Collected data:
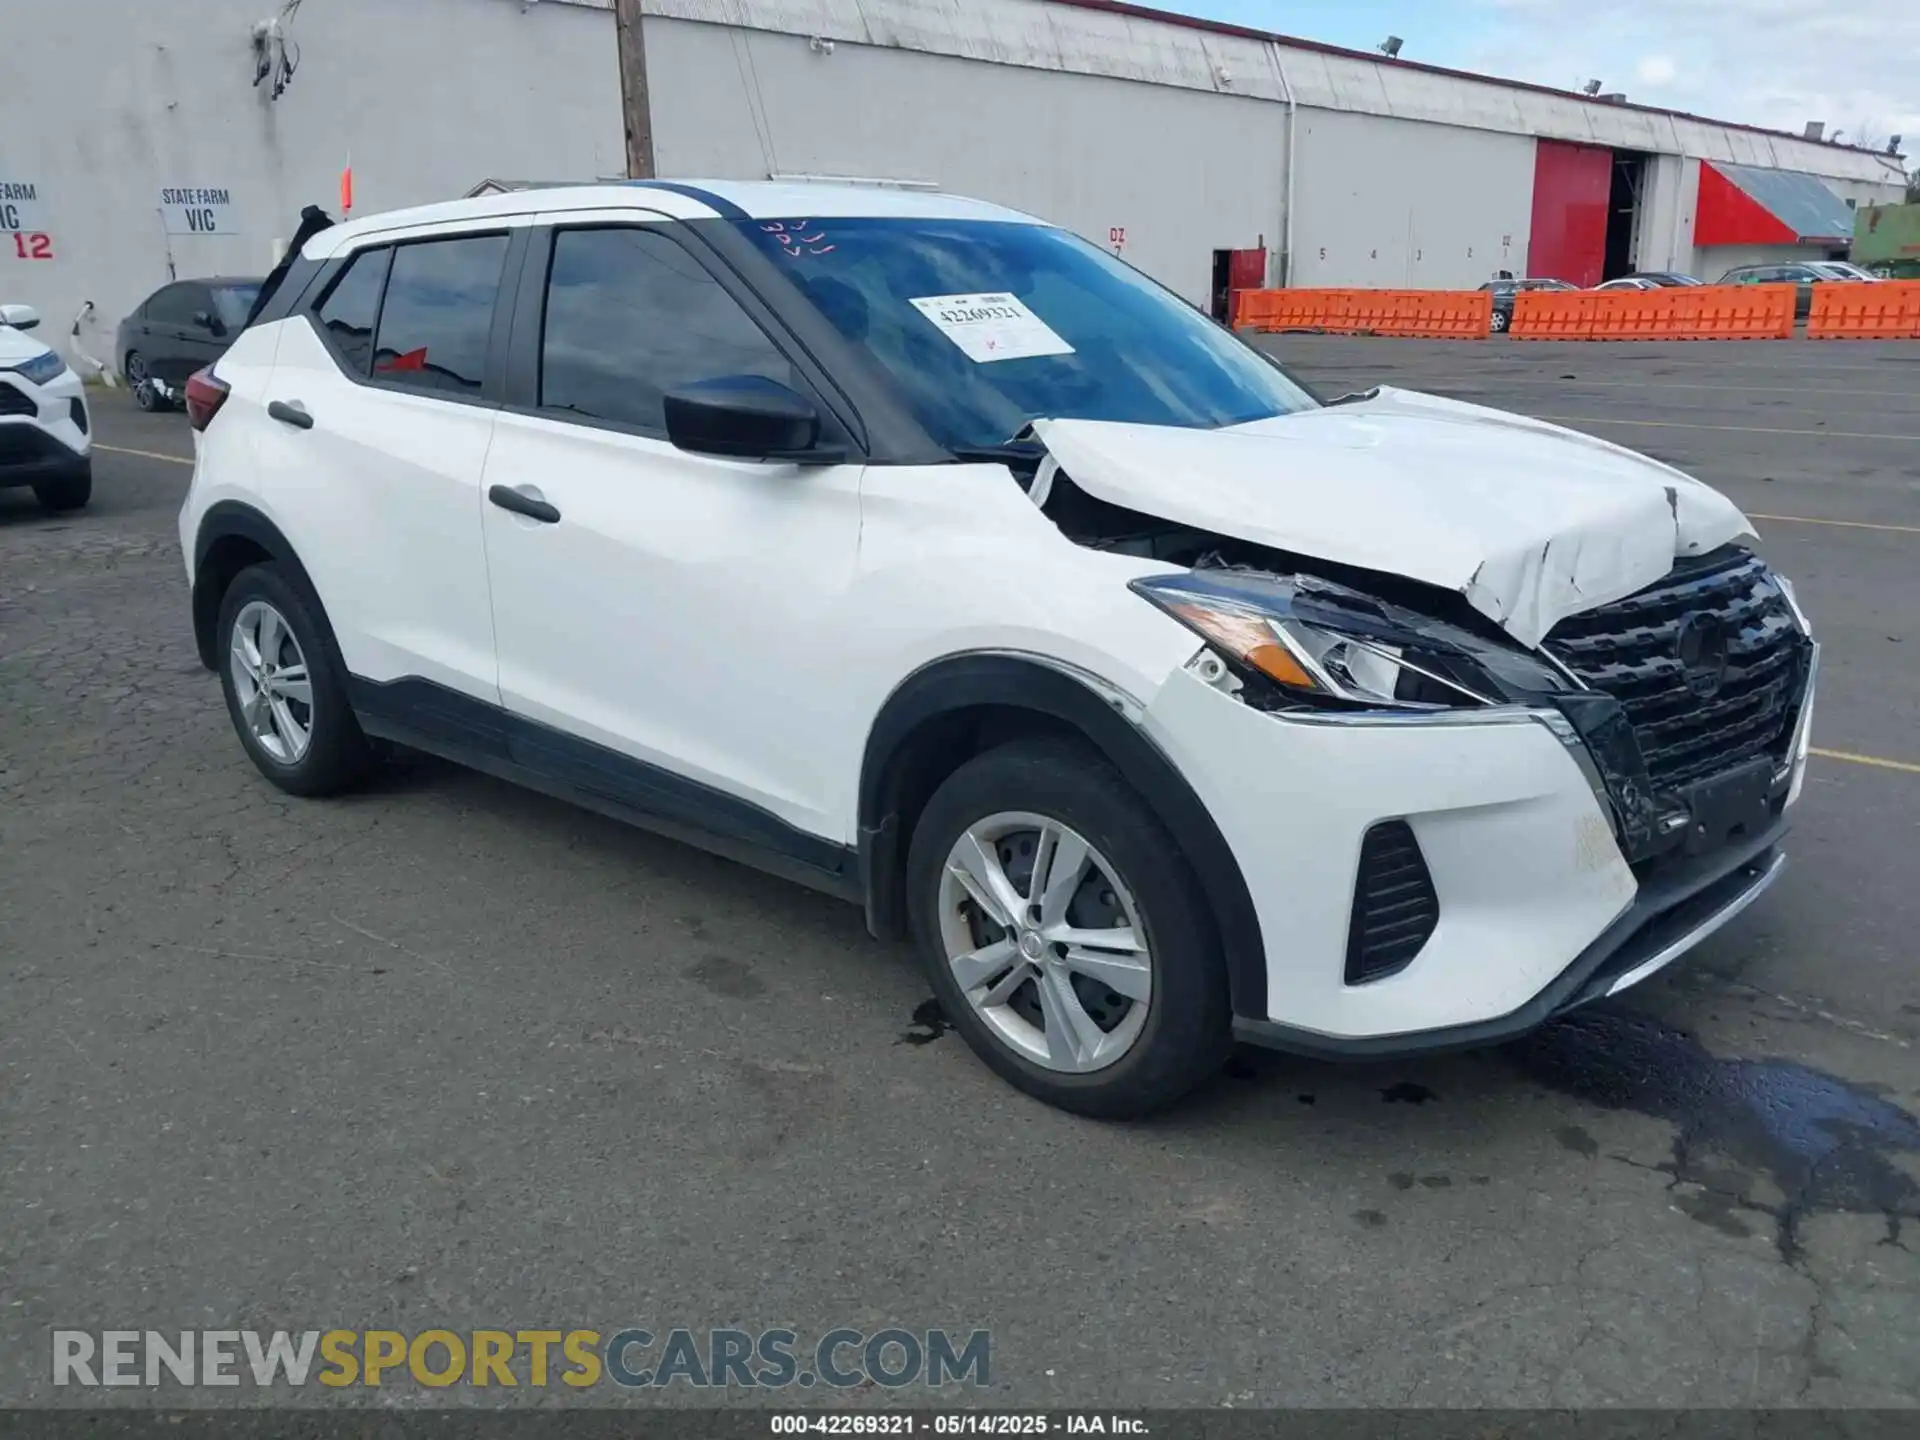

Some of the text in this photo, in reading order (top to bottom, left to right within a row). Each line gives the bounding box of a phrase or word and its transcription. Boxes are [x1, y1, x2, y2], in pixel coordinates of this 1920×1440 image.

[162, 188, 230, 205] STATE FARM
[185, 208, 215, 231] VIC
[13, 232, 53, 258] 12
[1320, 247, 1326, 260] 5
[940, 306, 1022, 322] 42269321
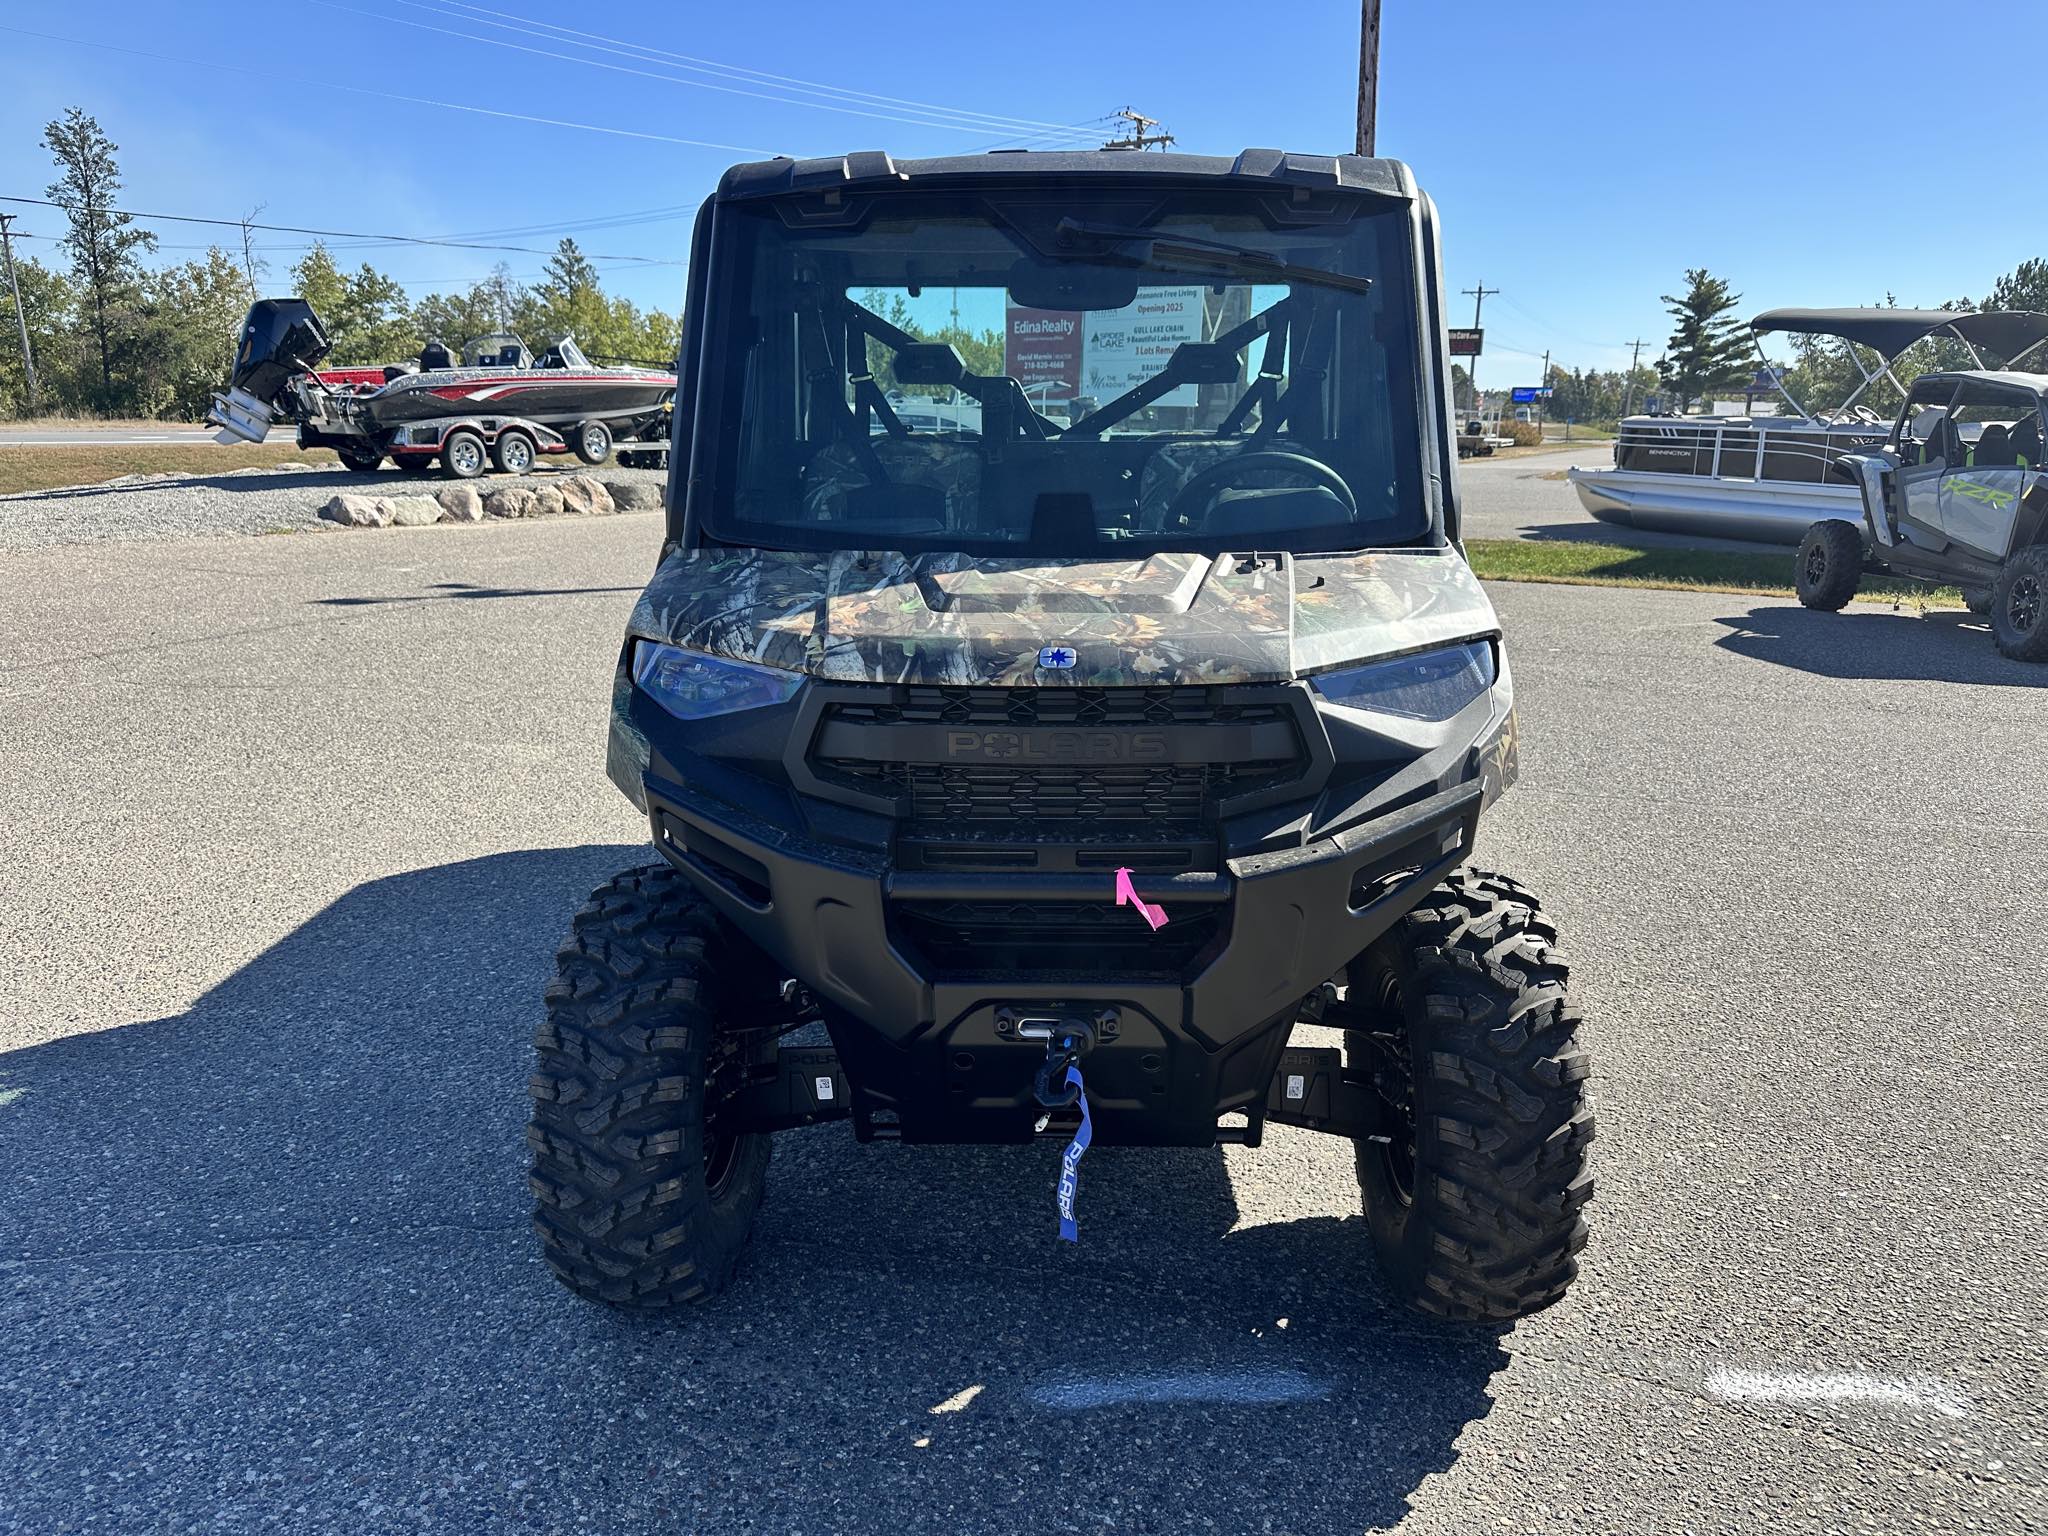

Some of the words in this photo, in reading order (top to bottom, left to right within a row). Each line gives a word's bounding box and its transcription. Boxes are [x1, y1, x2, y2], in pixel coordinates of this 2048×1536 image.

Aim of the exercise: You are asked to output the records precisely as they appear, minus any pictures.

Task solution:
Some of the text in this photo, in reading order (top to bottom, left to right within a row). Each line gives the bounding box of a phrase or word and its transcription. Boxes are [x1, y1, x2, y2], in pixel coordinates of this 1920×1440 image.

[162, 188, 230, 205] STATE FARM
[185, 208, 215, 231] VIC
[13, 232, 53, 258] 12
[1320, 247, 1326, 260] 5
[940, 306, 1022, 322] 42269321

Some of the words in this photo, in reading order (top to bottom, left to right within a row). Each line gives a word's bounding box and its transcription. Boxes are [x1, y1, x2, y2], in pixel coordinates of this 2048×1536 image.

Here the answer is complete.